## WHAT IS EXPECTED
Could you retype all of the entries exactly, without their pictures?

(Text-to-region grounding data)

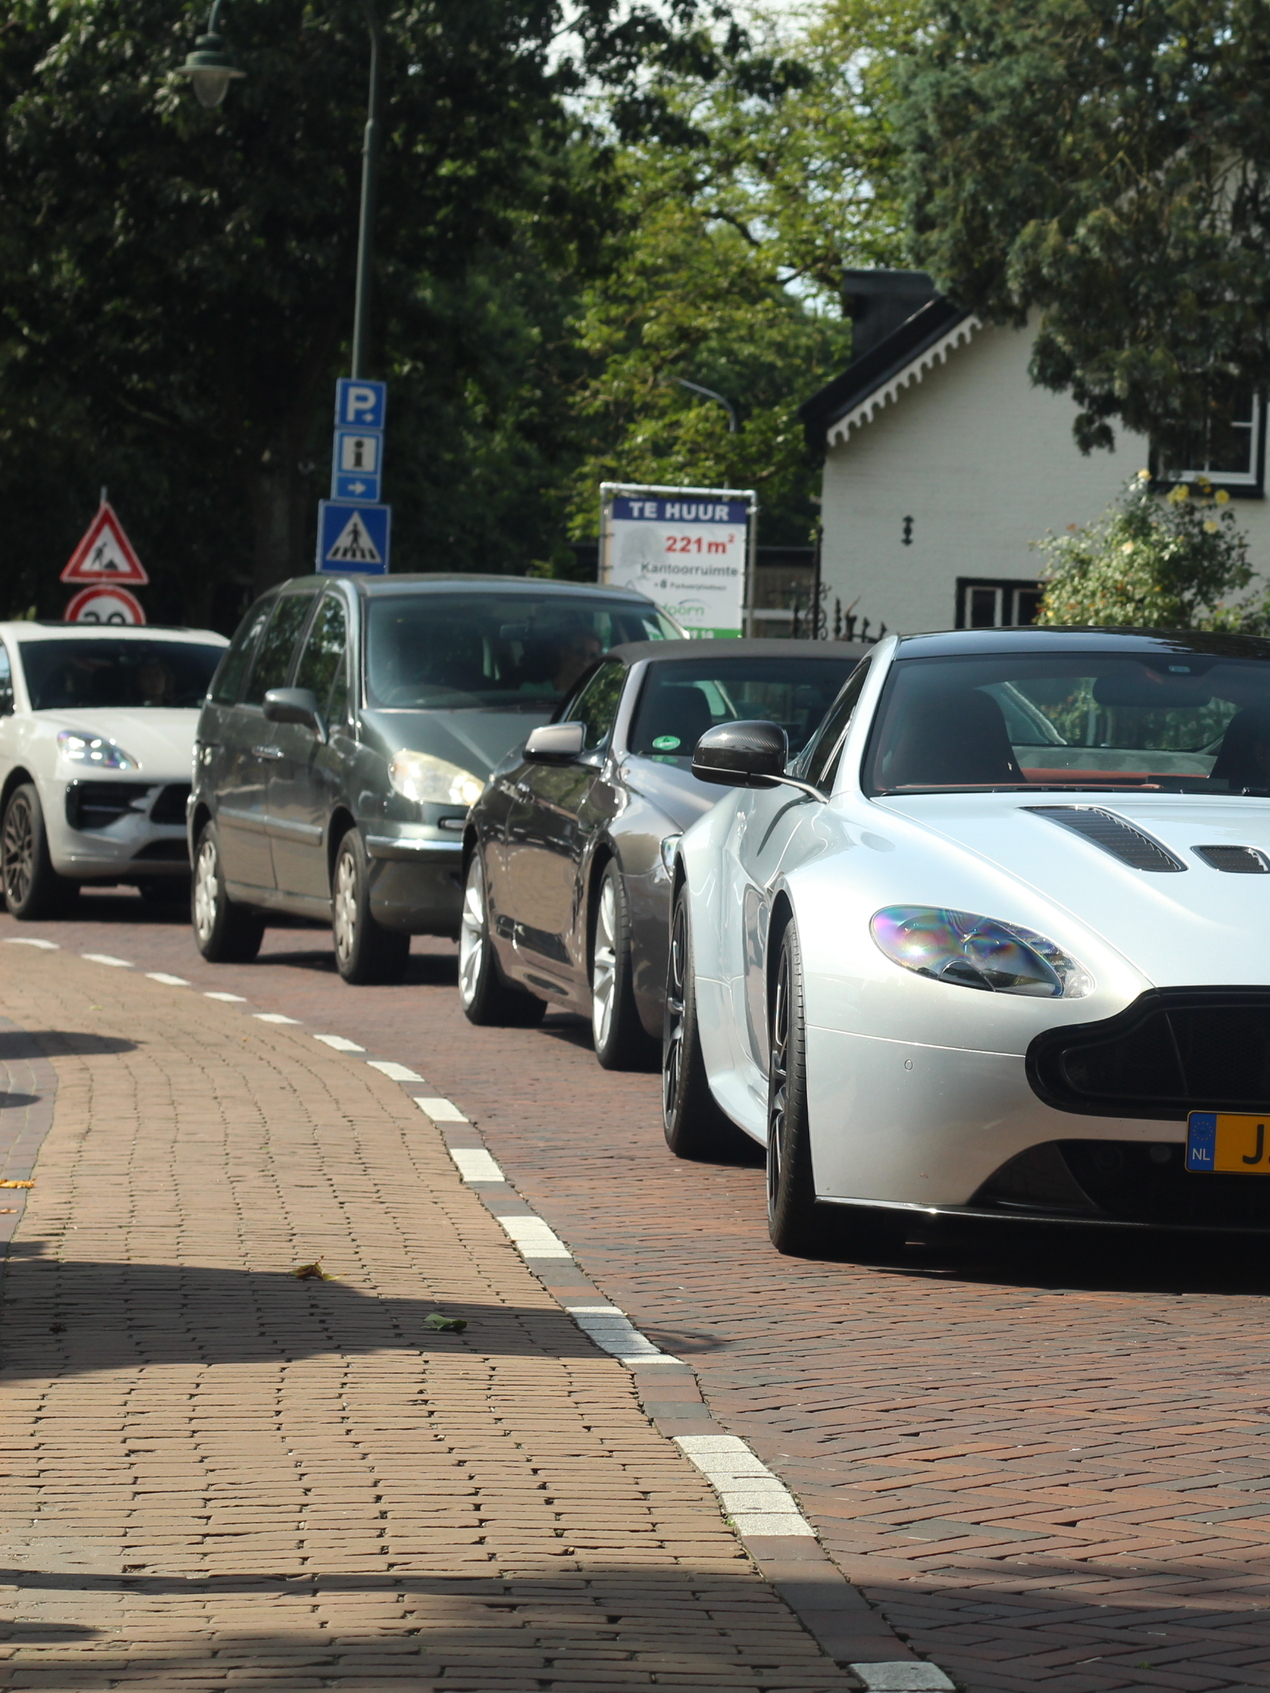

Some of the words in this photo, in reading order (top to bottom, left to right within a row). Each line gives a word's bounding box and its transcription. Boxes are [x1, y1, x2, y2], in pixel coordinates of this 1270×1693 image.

[347, 386, 376, 422] P
[629, 501, 658, 518] TE
[665, 503, 729, 521] HUUR
[641, 562, 738, 576] Kantoorruimte
[1192, 1148, 1211, 1161] NL

## SOLUTION TO THIS EXERCISE
Some of the words in this photo, in reading order (top to bottom, left to right within a row). Each line gives a word's bounding box and its transcription. Boxes are [x1, y1, x2, y2], in pixel coordinates of this 1270×1693 image.

[347, 386, 376, 422] P
[629, 501, 658, 518] TE
[665, 503, 729, 521] HUUR
[641, 562, 738, 576] Kantoorruimte
[1192, 1148, 1211, 1161] NL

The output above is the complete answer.